KEPR-TV (channel 19) is a television station licensed to Pasco, Washington, United States, serving the Tri-Cities area as an affiliate of CBS and The CW Plus. Owned by Sinclair Broadcast Group, the station maintains studios on West Lewis Street (US 395) in Pasco and a transmitter on Johnson Butte near Kennewick.

Although identifying as a station in its own right, KEPR is considered a semi-satellite of KIMA-TV (channel 29) in Yakima, which operates another semi-satellite, KLEW-TV (channel 3) in Lewiston, Idaho. KEPR and KLEW simulcast all network and syndicated programming as provided through KIMA, but air separate commercial inserts, legal identifications and early evening newscasts, and have their own websites. KEPR is also sister to low-powered Class A Univision affiliate KVVK-CD (channel 15). Master control and some internal operations for the four stations are based at KOMO Plaza (formerly Fisher Plaza) in Seattle.

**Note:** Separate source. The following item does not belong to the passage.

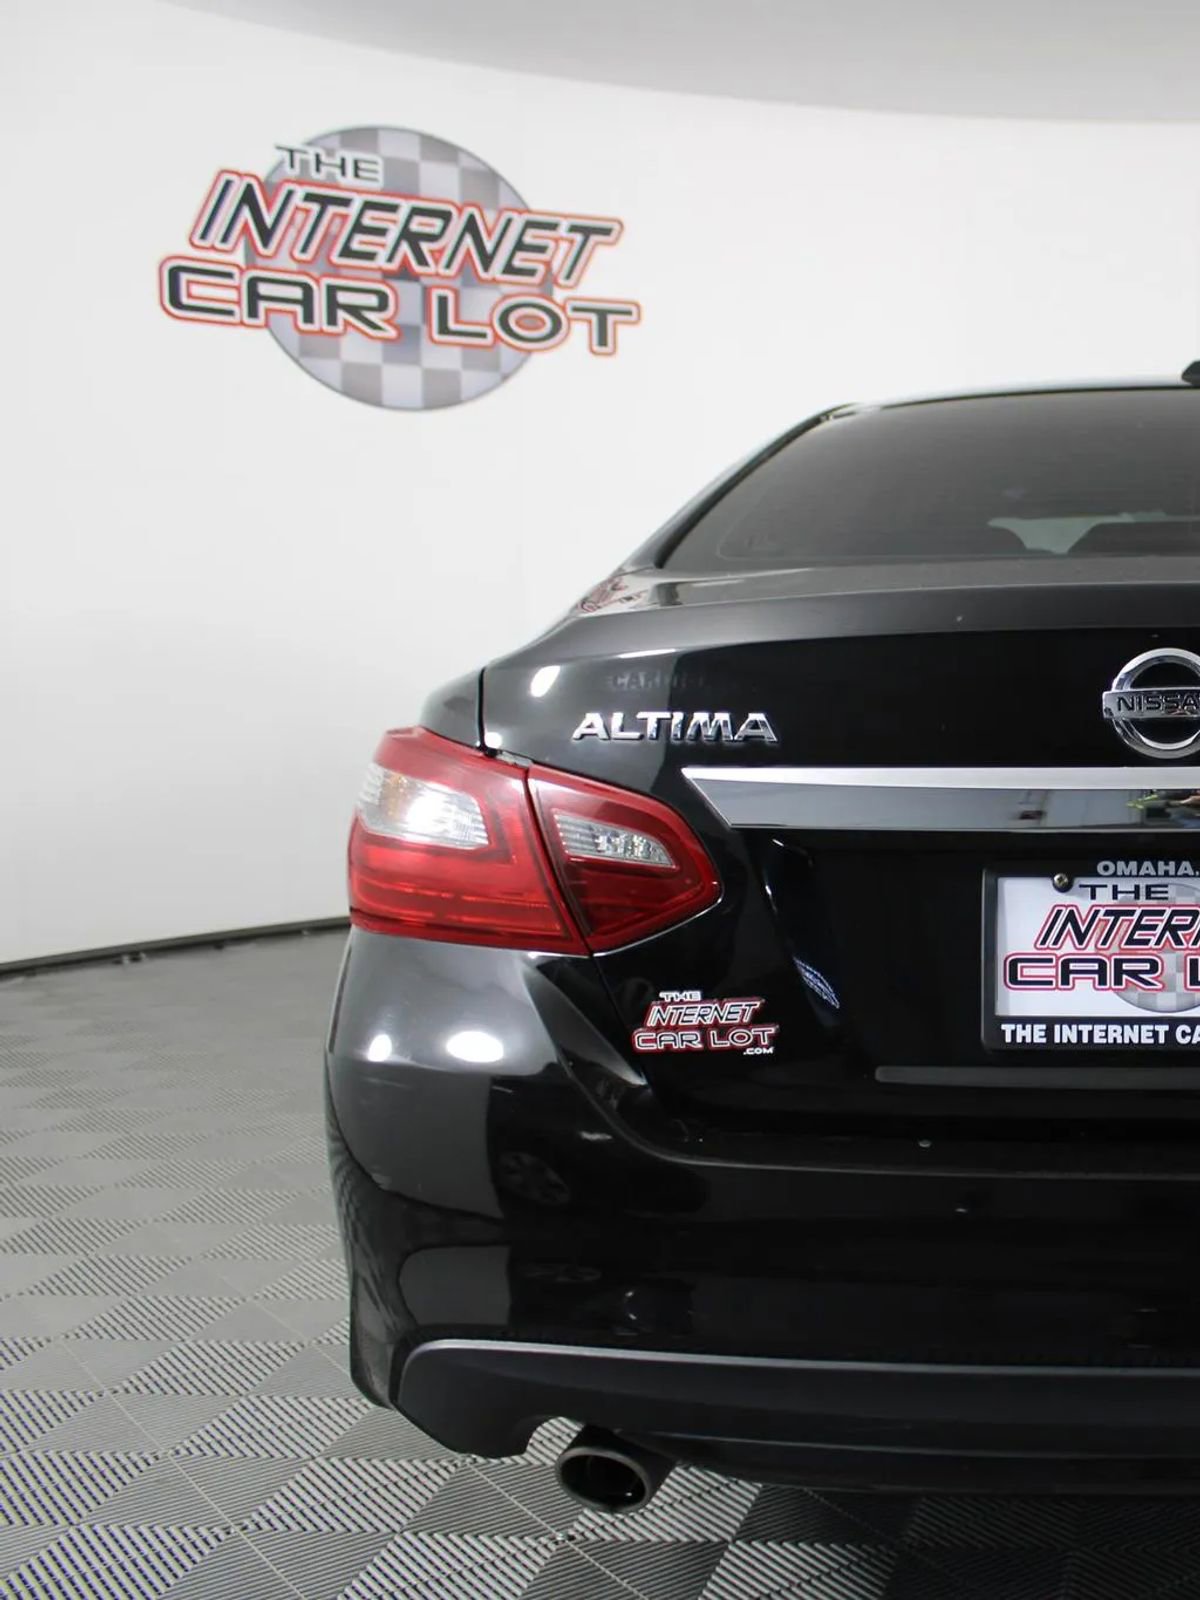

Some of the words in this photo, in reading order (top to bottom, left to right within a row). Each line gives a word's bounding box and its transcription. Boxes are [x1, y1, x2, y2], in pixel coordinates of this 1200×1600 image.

On satellite, Dish Network and DirecTV carry both KEPR-TV and KIMA-TV.

History
KEPR-TV went on the air for the first time December 28, 1954, as a satellite of KIMA-TV. It was owned by Cascade Broadcasting Company, which also owned 40 percent of KWIE (610 AM) in Kennewick. Cascade bought the remaining 60 percent of KWIE in 1956 and changed its call letters to KEPR, matching the television station, the following year.

A few years earlier, the Federal Communications Commission (FCC) collapsed all of central Washington into one giant television market. However, this market was designated a "UHF island" due to being sandwiched between Seattle to the west, Spokane to the east and Portland to the south. It soon became apparent that one full-power UHF station would not nearly be enough for adequate coverage of this vast and mountainous area. KEPR-TV thus signed on as the first station in the United States to be a satellite of another.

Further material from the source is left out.